Each entry below should appear again exactly as written, without pictures.

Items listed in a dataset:
• • •

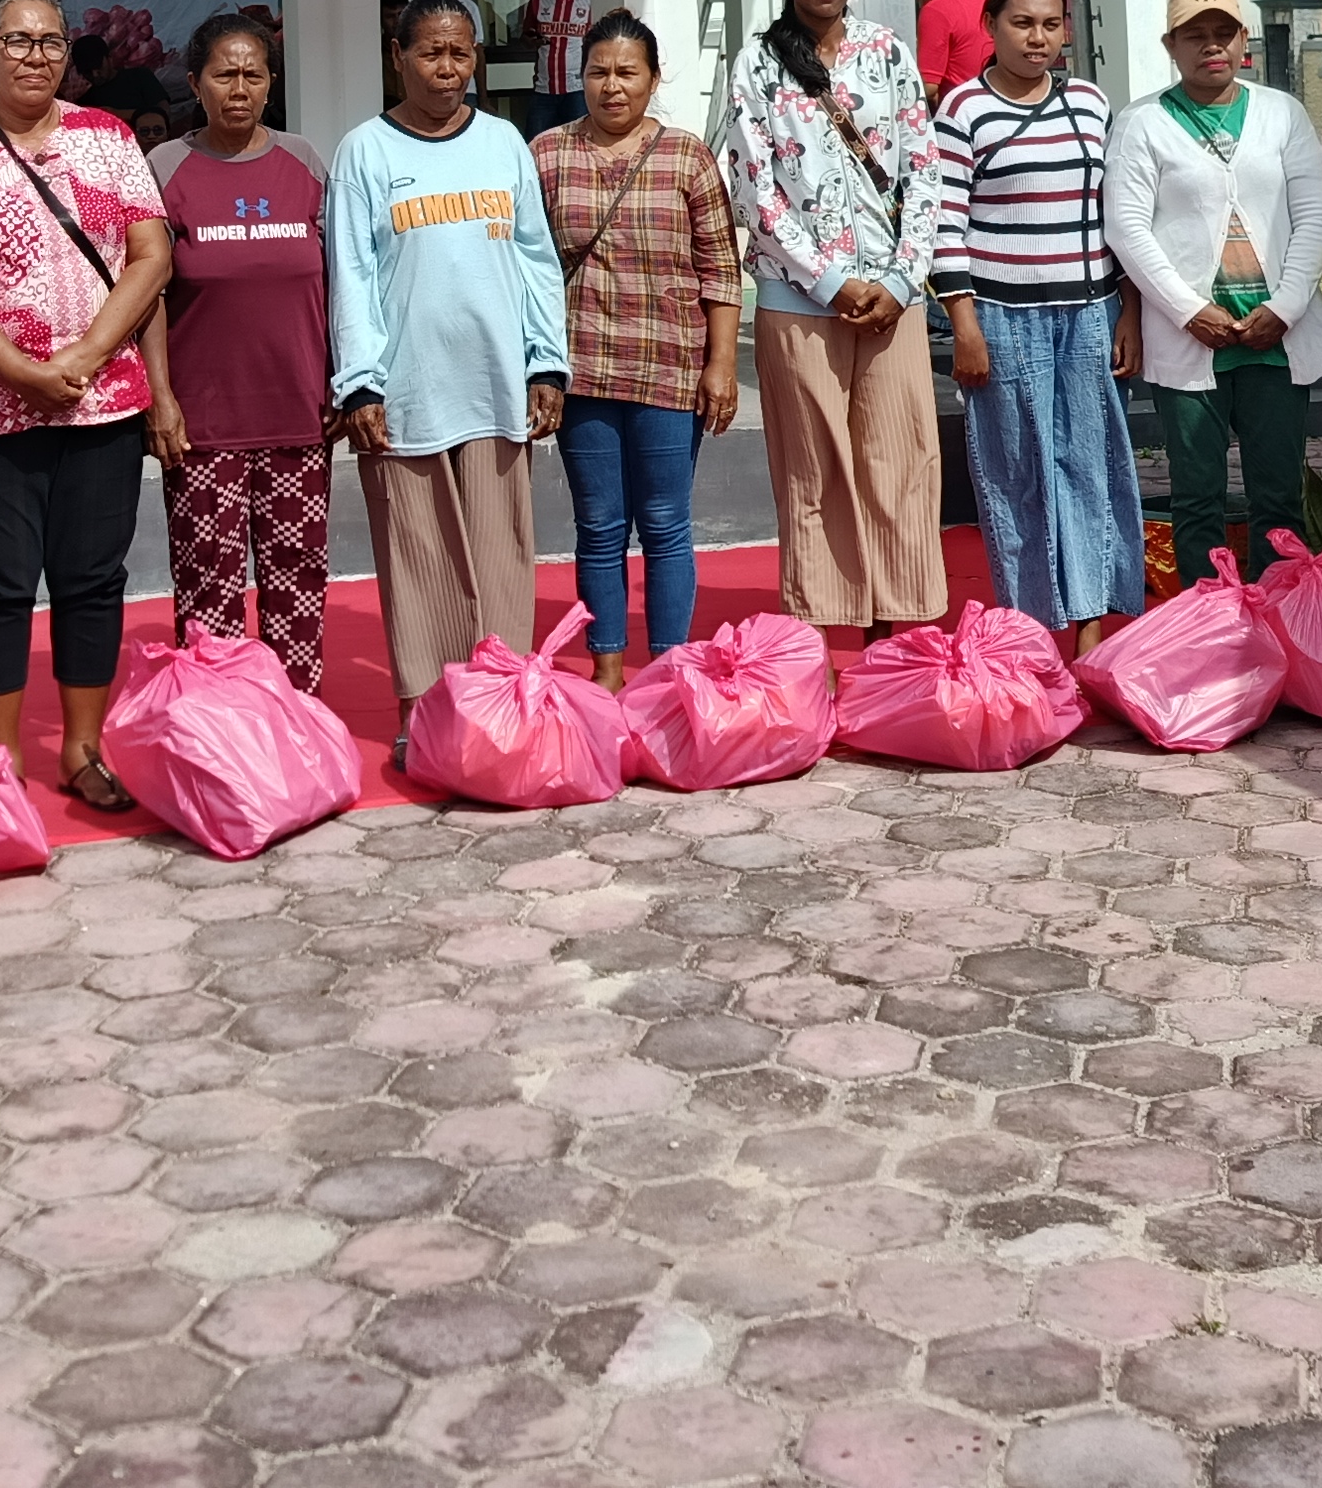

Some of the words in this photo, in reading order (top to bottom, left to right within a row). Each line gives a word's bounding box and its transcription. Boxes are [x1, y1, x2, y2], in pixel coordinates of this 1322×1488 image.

[389, 189, 513, 235] DEMOLISH
[197, 224, 247, 243] UNDER
[249, 221, 308, 241] ARMOUR
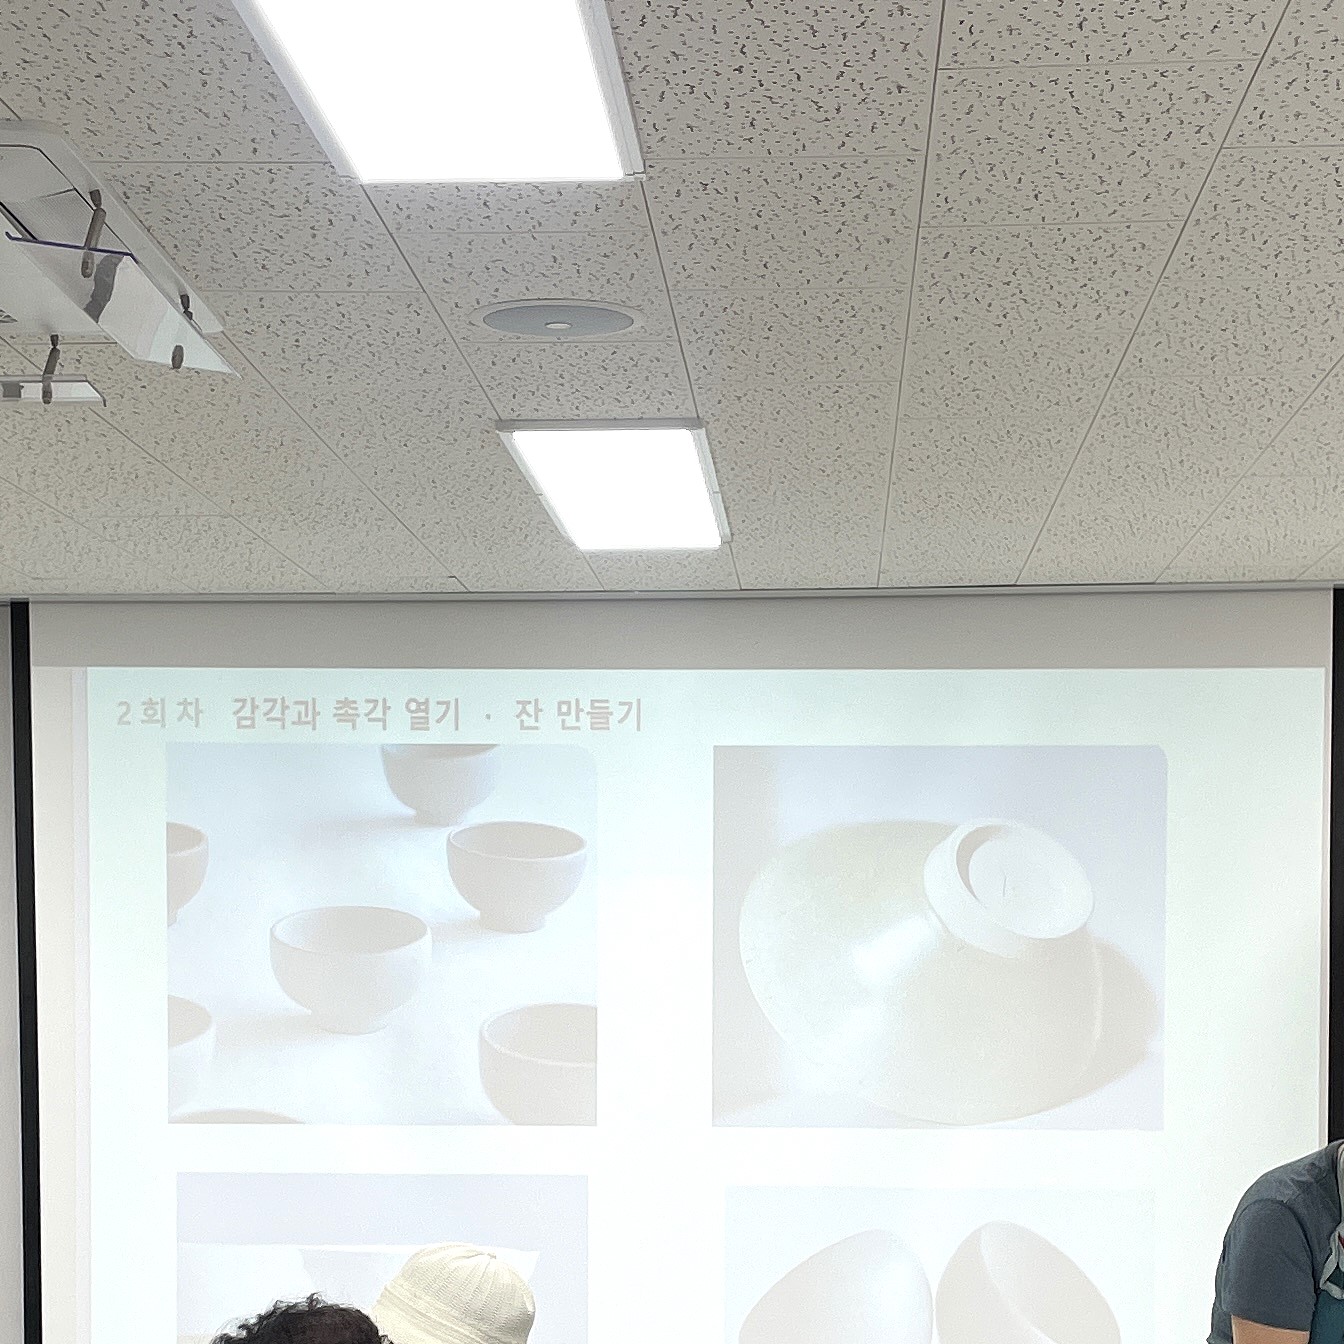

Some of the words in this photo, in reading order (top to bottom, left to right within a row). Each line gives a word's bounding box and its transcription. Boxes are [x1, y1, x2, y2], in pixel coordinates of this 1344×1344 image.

[231, 697, 322, 732] 감각과
[332, 697, 393, 732] 촉각
[404, 697, 461, 733] 열기
[515, 697, 545, 732] 잔
[557, 697, 644, 733] 만들기
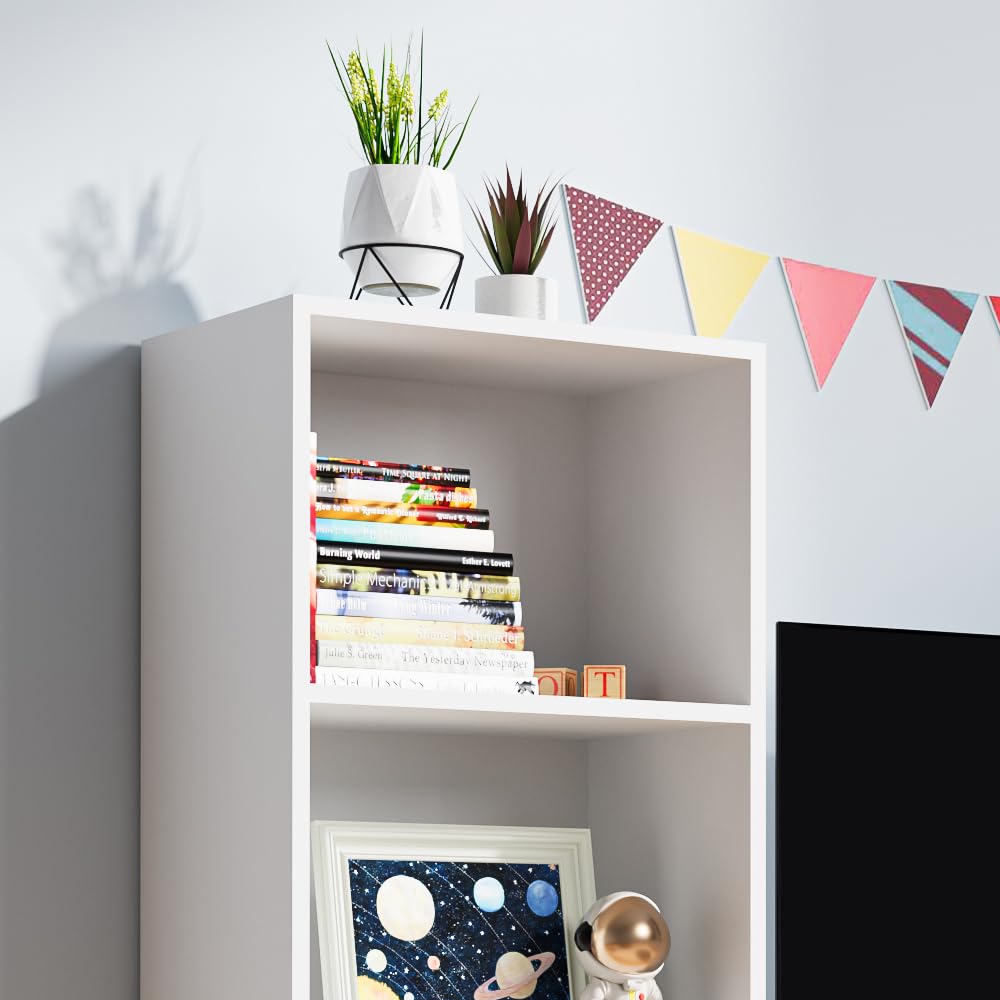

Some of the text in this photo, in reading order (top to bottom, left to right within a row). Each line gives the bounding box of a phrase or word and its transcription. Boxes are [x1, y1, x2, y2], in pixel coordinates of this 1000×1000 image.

[382, 467, 469, 482] TIME SQUARE AT NIGHT
[320, 546, 380, 560] Burning World
[462, 557, 482, 566] Esther
[491, 558, 511, 568] Lovett
[319, 568, 361, 587] Simple
[357, 648, 383, 660] Green
[400, 651, 420, 664] The
[474, 656, 529, 671] Newspaper
[594, 672, 615, 697] T
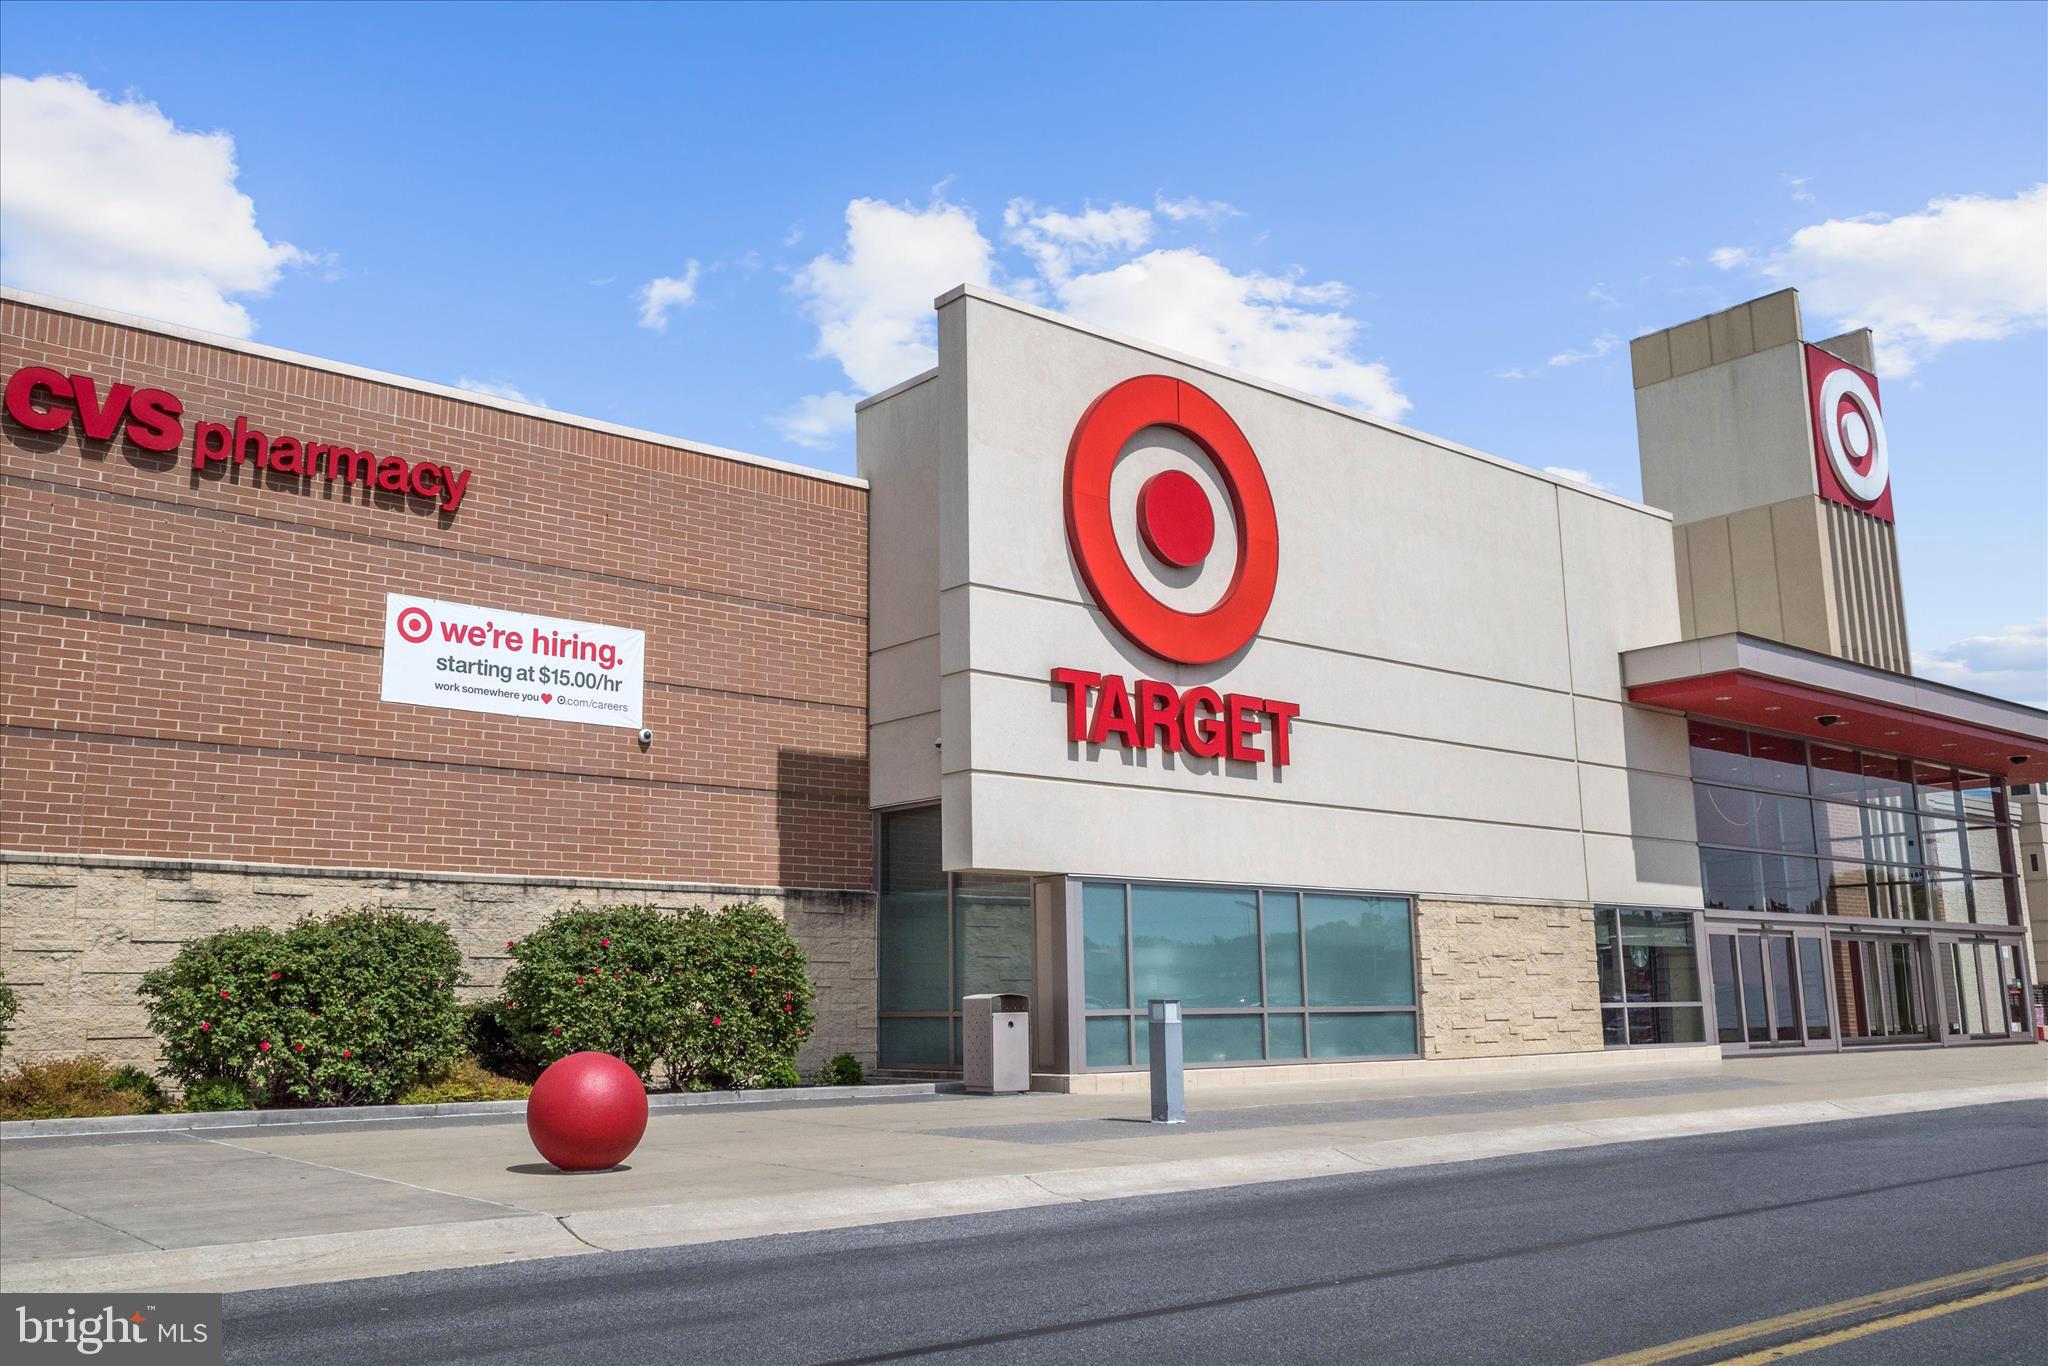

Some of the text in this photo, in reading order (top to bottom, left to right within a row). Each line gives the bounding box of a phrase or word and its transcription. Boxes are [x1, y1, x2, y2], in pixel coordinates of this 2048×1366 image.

• • •

Exercise result:
Some of the words in this photo, in reading order (top to bottom, left to right within a row). Each line gives a word's bounding box and its transcription. Boxes are [x1, y1, x2, y2], in pixel coordinates of this 1322×1488 image.

[389, 189, 513, 235] DEMOLISH
[197, 224, 247, 243] UNDER
[249, 221, 308, 241] ARMOUR

Some of the words in this photo, in reading order (top to bottom, left to right within a row). Each line gives a word's bounding box and its transcription. Boxes are [x1, y1, x2, y2], in pixel coordinates of this 1344×1344 image.

[231, 697, 322, 732] 감각과
[332, 697, 393, 732] 촉각
[404, 697, 461, 733] 열기
[515, 697, 545, 732] 잔
[557, 697, 644, 733] 만들기

Some of the text in this photo, in reading order (top to bottom, left to right within a row). Each line gives the bounding box of a phrase or word and its transcription. Boxes are [x1, y1, x2, y2], in pixel coordinates of this 1000×1000 image.

[382, 467, 469, 482] TIME SQUARE AT NIGHT
[320, 546, 380, 560] Burning World
[462, 557, 482, 566] Esther
[491, 558, 511, 568] Lovett
[319, 568, 361, 587] Simple
[357, 648, 383, 660] Green
[400, 651, 420, 664] The
[474, 656, 529, 671] Newspaper
[594, 672, 615, 697] T

Some of the text in this photo, in reading order (top to bottom, left to right within a row). Each line gives the bounding box of a phrase or word and its transcription. Boxes are [x1, y1, x2, y2], in pixel coordinates of this 2048×1366 image.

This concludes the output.